There’s a moment, usually subtle at first, when your talent stops being your edge and starts becoming your burden. You don’t notice it right away because it feels like recognition. Trust. Opportunity. Someone asks, “Can you take this on?” or tells you, “You’re so good at this,” and because you can, you say yes. Then you say yes again. And again. Before you realize it, you are no longer excelling. You are juggling. Flaming swords, blindfolded, while someone in the corner casually remarks how easy you make it look.

High performers do not just get more responsibility. They get more of everything. Not just the meaningful, strategic work that actually builds careers, but the messy, undefined, “can you just jump in and fix this?” kind of work. A recent Harvard Business Review article, “Are You Overburdening Your Most Engaged Employees?”, highlights this exact pattern. Managers tend to assign extra, unstructured work to their most engaged employees, not because others are incapable, but because it feels easier and safer to give it to the people who always deliver. Reliability quietly becomes the deciding factor, not capacity or fairness.

No one sets out to create this dynamic. It does not happen dramatically or intentionally. It is a slow build made up of small, reasonable asks. “This will only take a minute.” “You are already familiar with it.” “I did not want to burden anyone else.” Over time, those moments stack. If you are the person who solves problems, delivers results, and does not drop balls, you become the default. At first, it feels like momentum. Then it becomes expectation. Eventually, it becomes your identity.
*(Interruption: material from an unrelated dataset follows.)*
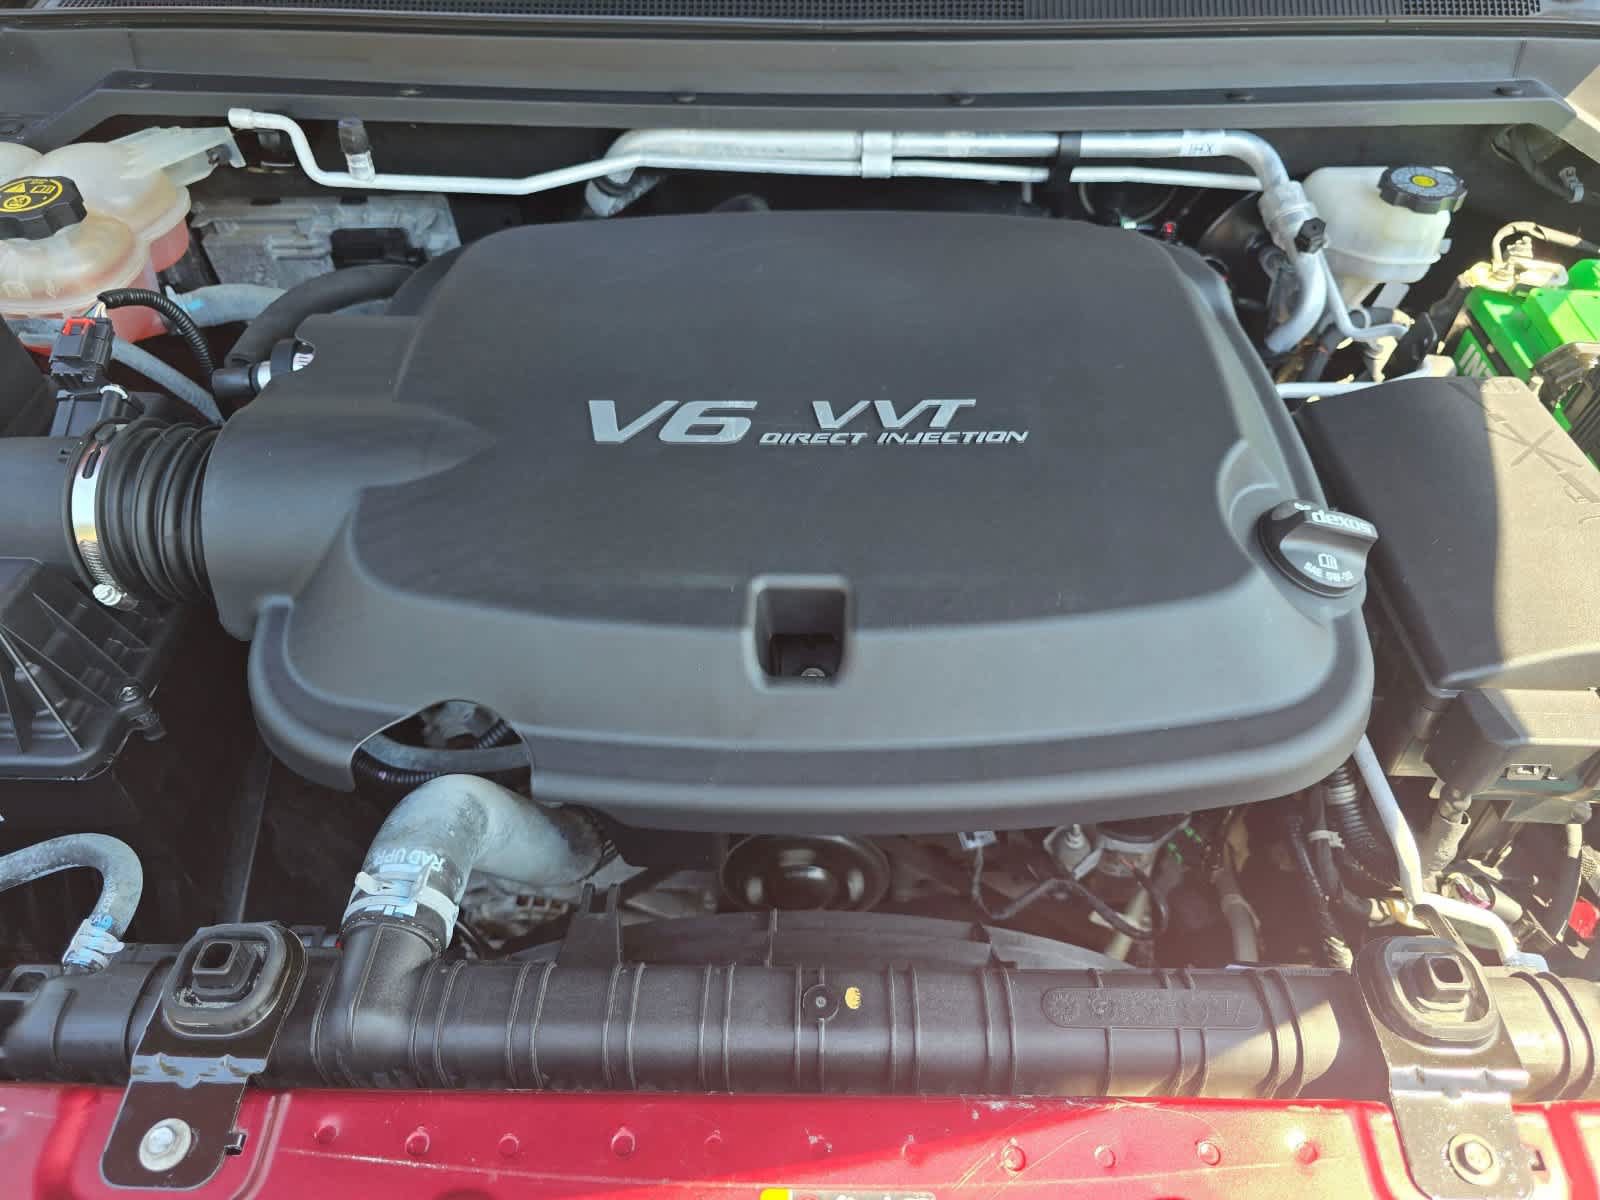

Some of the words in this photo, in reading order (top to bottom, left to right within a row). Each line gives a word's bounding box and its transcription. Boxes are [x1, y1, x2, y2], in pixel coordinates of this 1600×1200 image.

[588, 400, 758, 443] V6
[812, 399, 976, 429] VVT
[759, 432, 868, 445] DIRECT
[877, 431, 1029, 445] INJECTION
That is where things start to shift internally. Resentment does not come from working hard. It comes from working hard on the wrong things for too long, without recognition or relief. You begin to notice that you are in every fire drill, that your actual priorities keep getting pushed, and that you have somehow become the unofficial safety net for everyone else’s gaps. Meanwhile, other capable people remain underutilized, not because they cannot do the work, but because no one gives them the chance. The system reinforces itself. Give it to her. She will handle it.

At some point, this stops being just a leadership issue and starts becoming a boundary issue. That is the uncomfortable part. If you are honest, there is usually a piece of you that takes pride in being the one who can handle it all. The fixer. The closer. The one they trust. It feels good, until it does not. You did not just get handed the juggling act. You kept picking up more balls.
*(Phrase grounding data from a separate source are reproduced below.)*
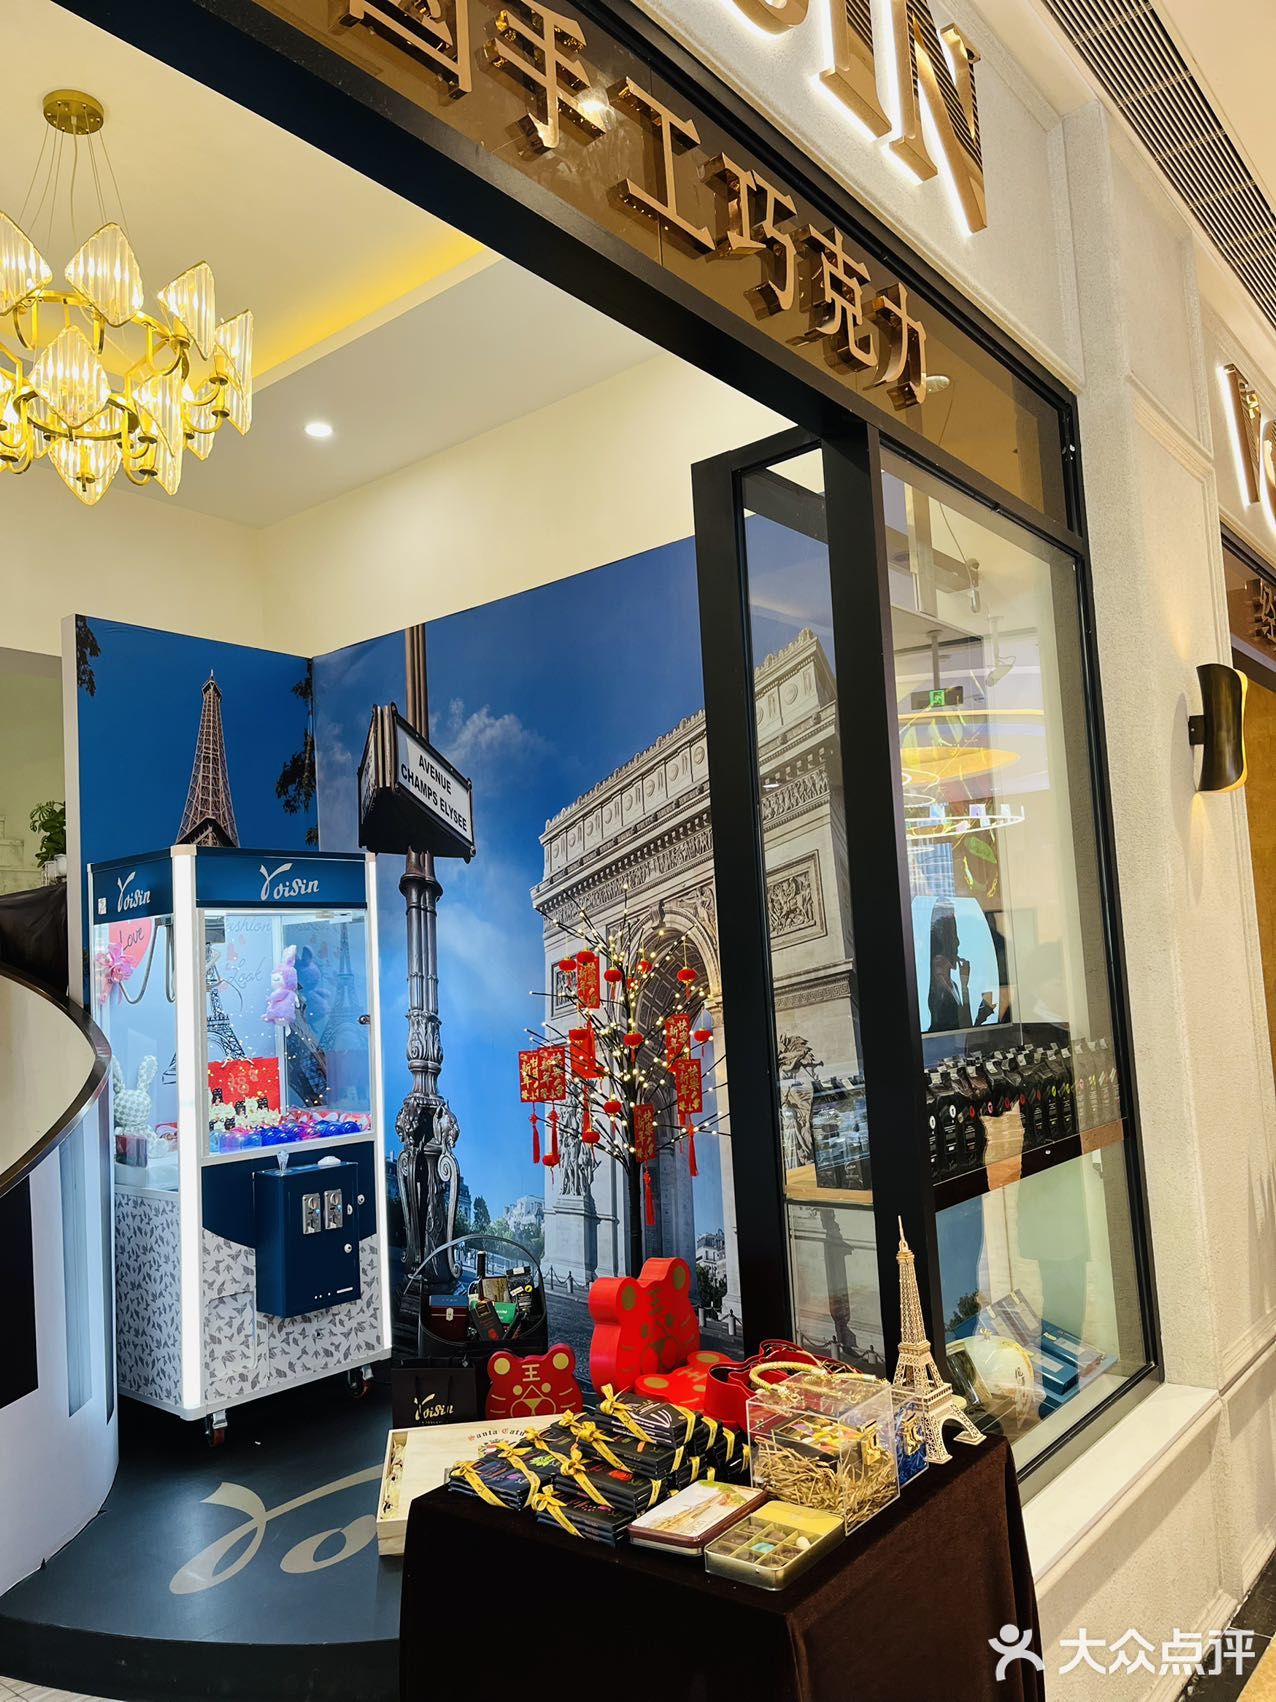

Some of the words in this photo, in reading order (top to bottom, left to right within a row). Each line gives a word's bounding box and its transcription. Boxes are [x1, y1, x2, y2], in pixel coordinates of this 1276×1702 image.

[418, 754, 452, 795] AVENUE
[400, 763, 438, 806] CHAMPS
[440, 797, 468, 832] ELYSEE
[116, 871, 151, 913] Voisin
[259, 862, 320, 901] Voisin
[522, 1363, 541, 1382] 王
[413, 1393, 454, 1421] Voisin
Breaking that cycle requires a shift on both sides. Leaders need to become more intentional about how work is distributed, paying attention to who consistently receives the extra tasks and who rarely does. Reliability should not automatically equal availability. Stretching others, even if it is less efficient at first, is part of building a stronger and more balanced team. At the same time, high performers have to pause before defaulting to yes. Not every problem is yours to solve. Not every fire requires your attention. Sometimes, the most productive thing you can do is let someone else struggle through the learning curve.

None of this means lowering your standards or compromising on doing great work. It means being more deliberate about where your energy goes. Being the best juggler in the circus is not actually the win it looks like from the outside, especially if you are the only one still performing when the lights go out.